Another worker for American poultry company Foster Farms died from complications due to COVID-19 over the weekend, making him the 12th employee of the California-based corporation to die after contracting the coronavirus.
According to the Los Angeles Times, the worker’s family said the employee, who was of Punjabi descent and in his 50s, worked at Foster Farms’ Cherry Avenue plant in Fresno, Calif.
After being diagnosed with COVID-19, the man spent the past three weeks in a local hospital’s intensive care unit before passing away, according to Deep Singh, executive director of the Jakara Movement, a Central Valley youth and family nonprofit that works with the Punjabi Sikh community.
Singh told the Times that the worker’s family believes he contracted the virus at work, as he avoided going outside his home other than to go to the plant or for other essential reasons.
The man is the third worker of the Fresno plant to die of COVID-19, with nine additional coronavirus fatalities tied to Foster Farms’ Livingston, Calif., plant.
According to Foster Farms, at least 193 people at the Fresno plant have tested positive for COVID-19, roughly 20 percent of its workers.
Singh said that the poultry company should have done more to protect its staff, accusing the business of a “callous lack of concern and protections that prioritize worker safety and their families.”
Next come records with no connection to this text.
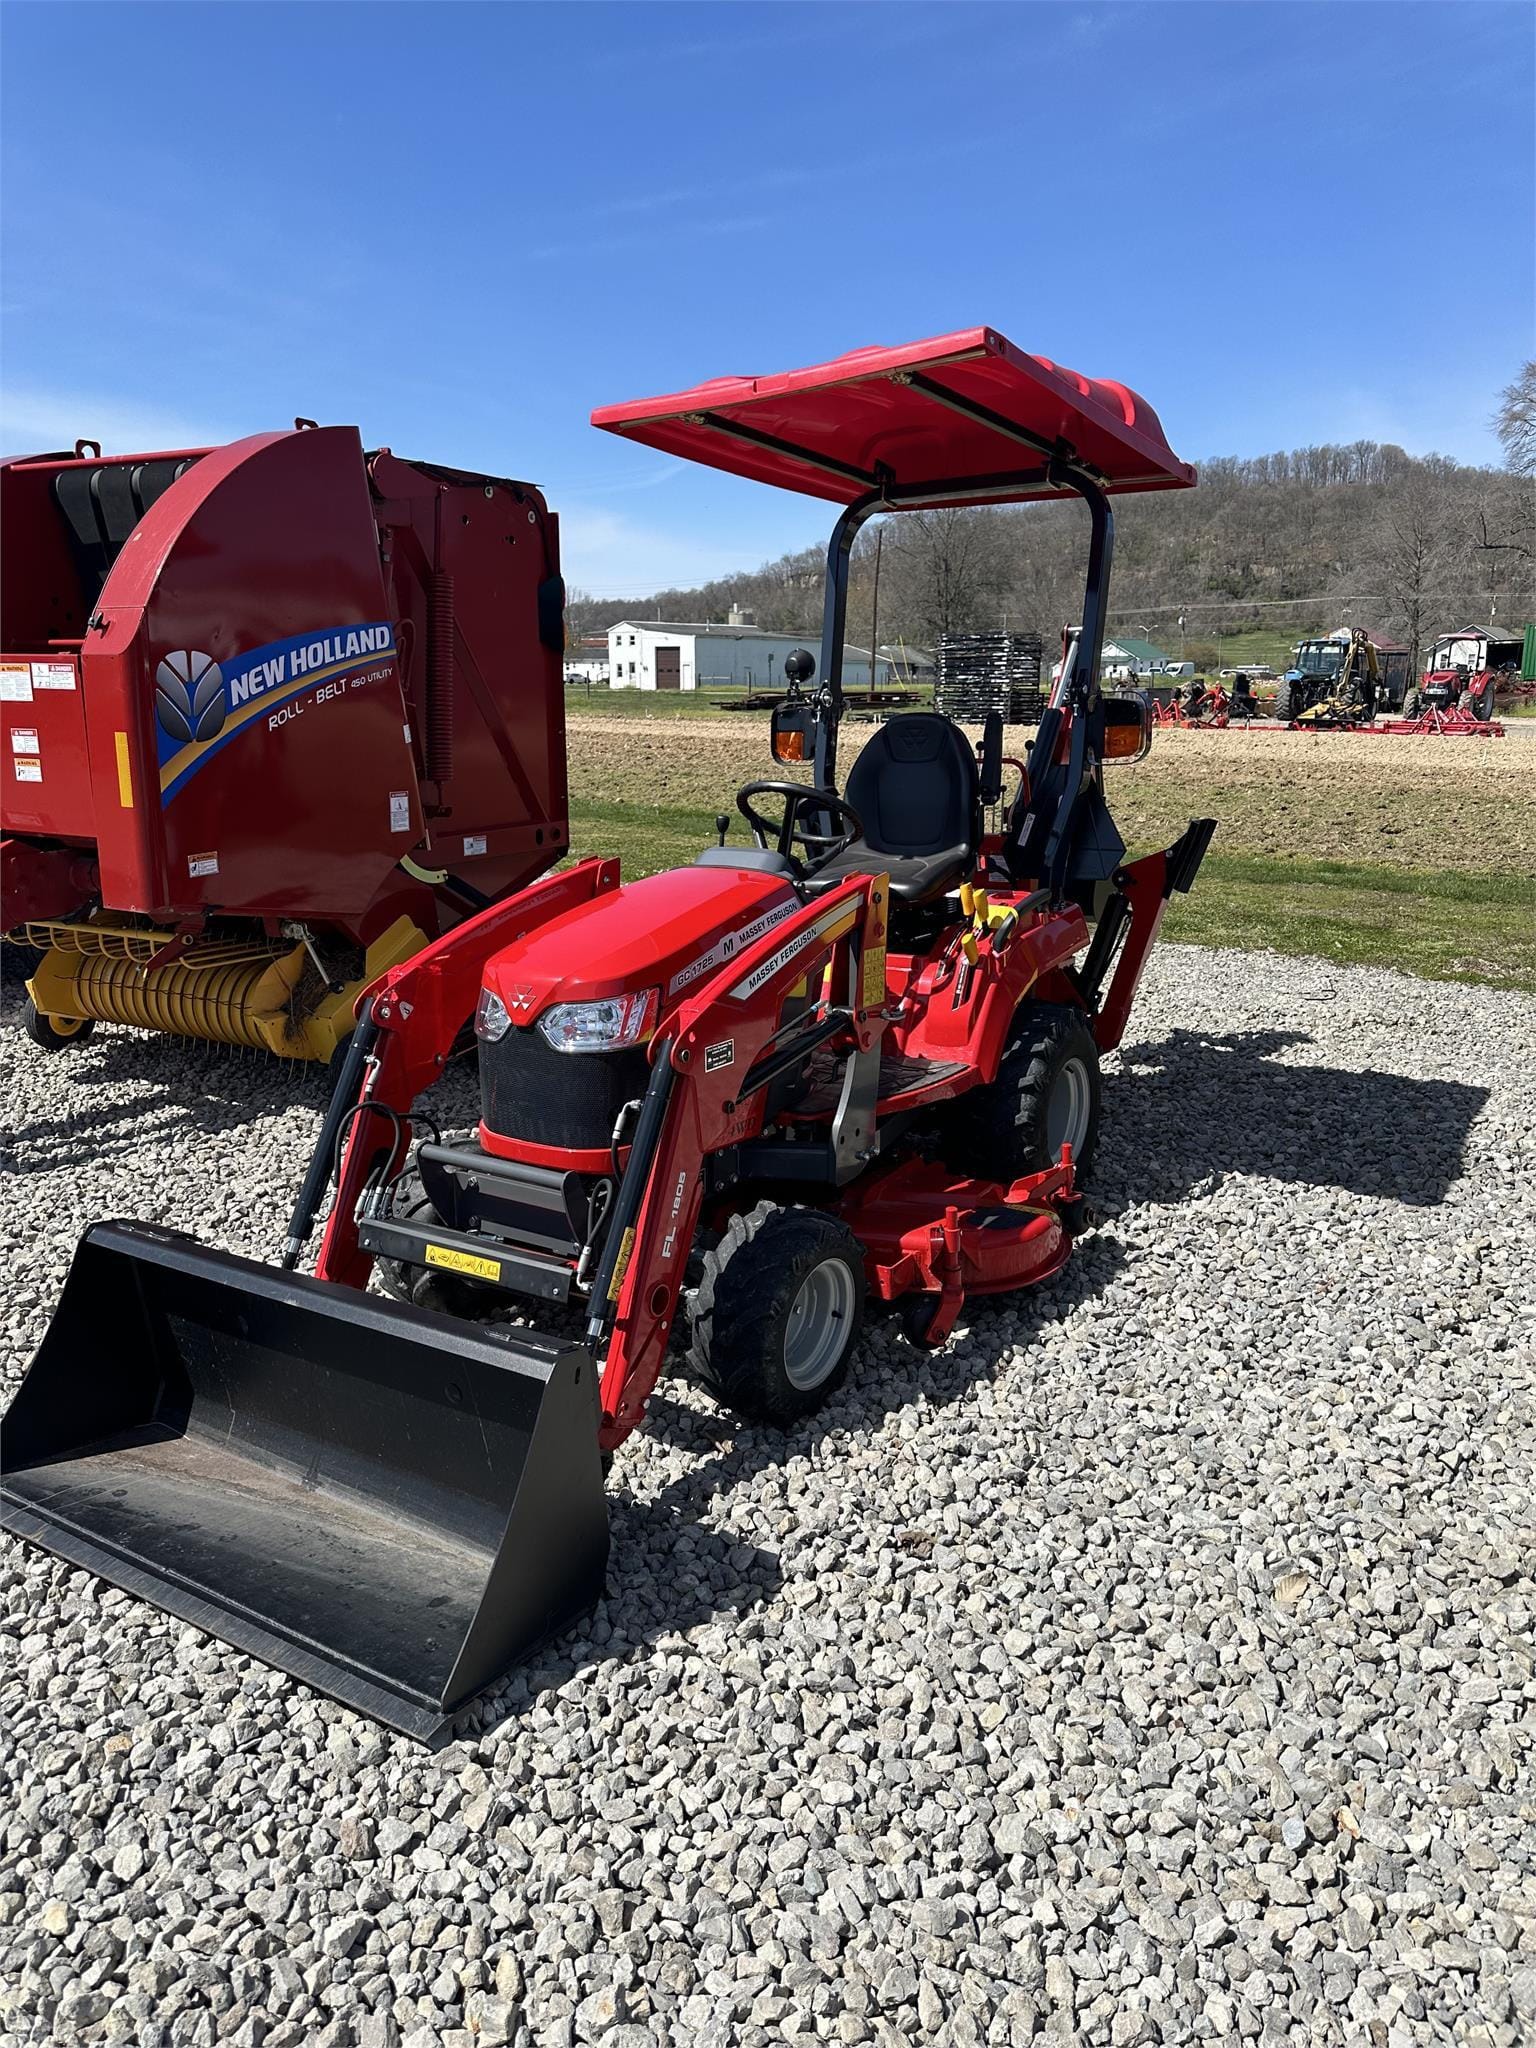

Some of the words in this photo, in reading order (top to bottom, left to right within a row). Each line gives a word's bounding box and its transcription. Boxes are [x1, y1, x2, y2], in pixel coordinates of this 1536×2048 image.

[230, 655, 285, 706] NEW
[290, 626, 390, 676] HOLLAND
[268, 702, 304, 731] ROLL
[316, 678, 347, 704] BELT
[351, 676, 366, 688] 450
[367, 667, 393, 682] UTILITY
[738, 922, 766, 944] MASSEY
[767, 902, 798, 926] FERGUSON
[748, 957, 779, 990] MASSEY
[780, 927, 818, 962] FERGUSON
[662, 1226, 677, 1258] FL
[671, 1171, 686, 1219] 1805
The company has also received criticism for poorly communicating with its workers, giving directions in English, even though many in the company’s workforce have limited proficiency in the language.
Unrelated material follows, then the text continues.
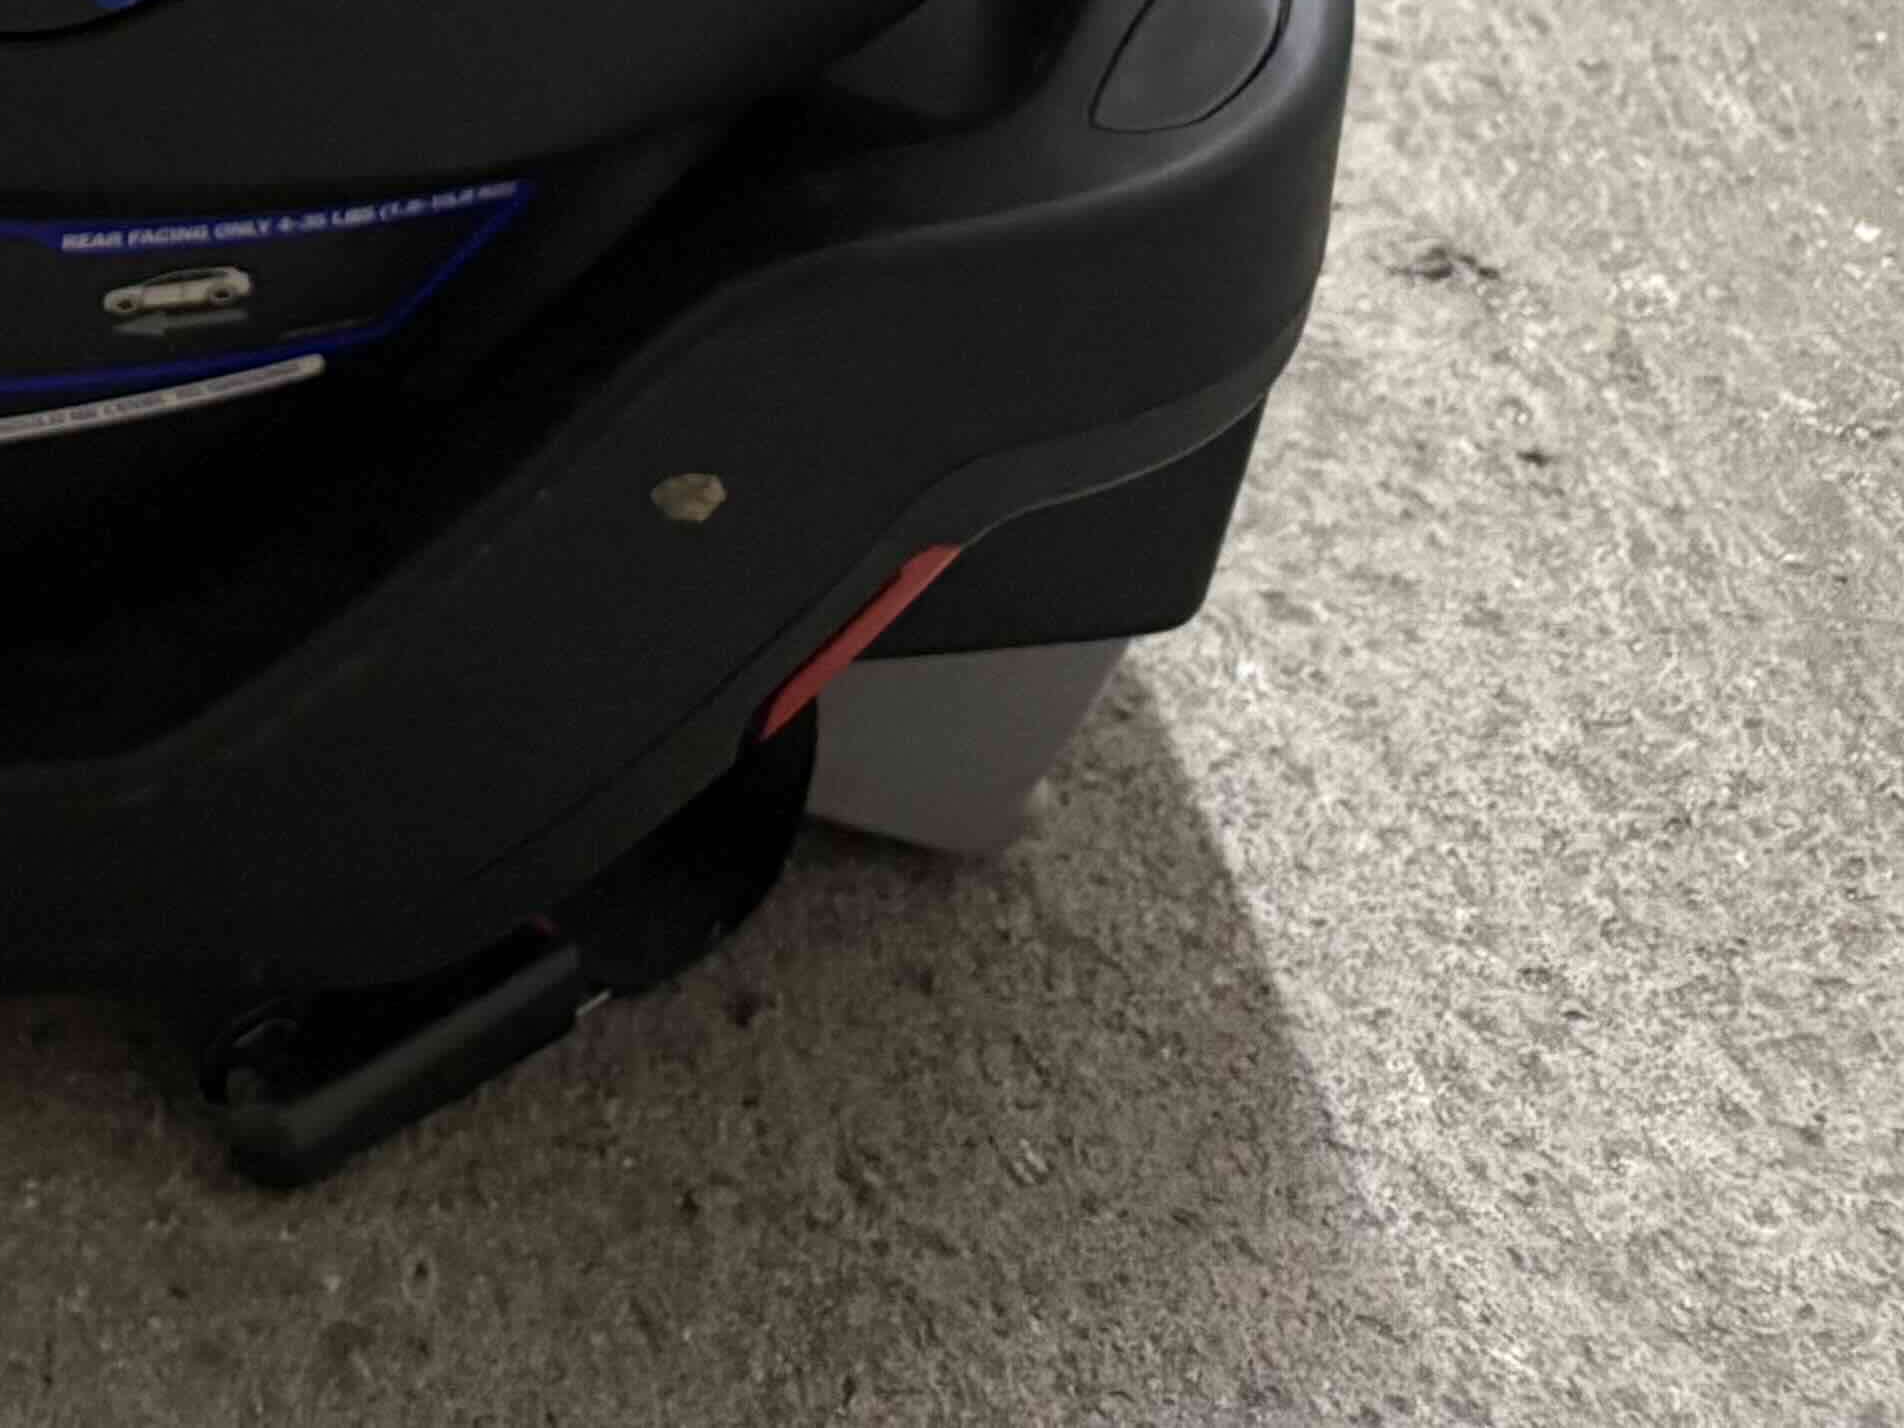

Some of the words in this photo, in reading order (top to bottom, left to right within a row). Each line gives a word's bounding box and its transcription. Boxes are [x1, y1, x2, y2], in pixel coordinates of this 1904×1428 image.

[60, 231, 123, 252] REAR
[127, 224, 209, 248] FACING
[213, 217, 272, 241] ONLY
Foster Farms had previously come under scrutiny for its handling of the pandemic, with community leaders telling the Times that the company has asked its employees to work overtime amid the pandemic.
Days before Christmas, a Merced County judge granted a temporary restraining order sought by the United Farm Workers of America union against Foster Farms.
The order required Foster Farms to supply workers at its Livingston plant with face masks and mandate that workers wear them when social distancing is not possible, The Associated Press reported.
The order also mandated that the company must have temperature and health screenings for workers and visitors before they enter the plant, as well as physical dividers in break rooms and along production lines.
In response to the most recent death, Foster Farms said in a statement to The Hill, “We are saddened by the death at our Cherry Street plant and, out of respect for the family and loved ones, can provide no further details.”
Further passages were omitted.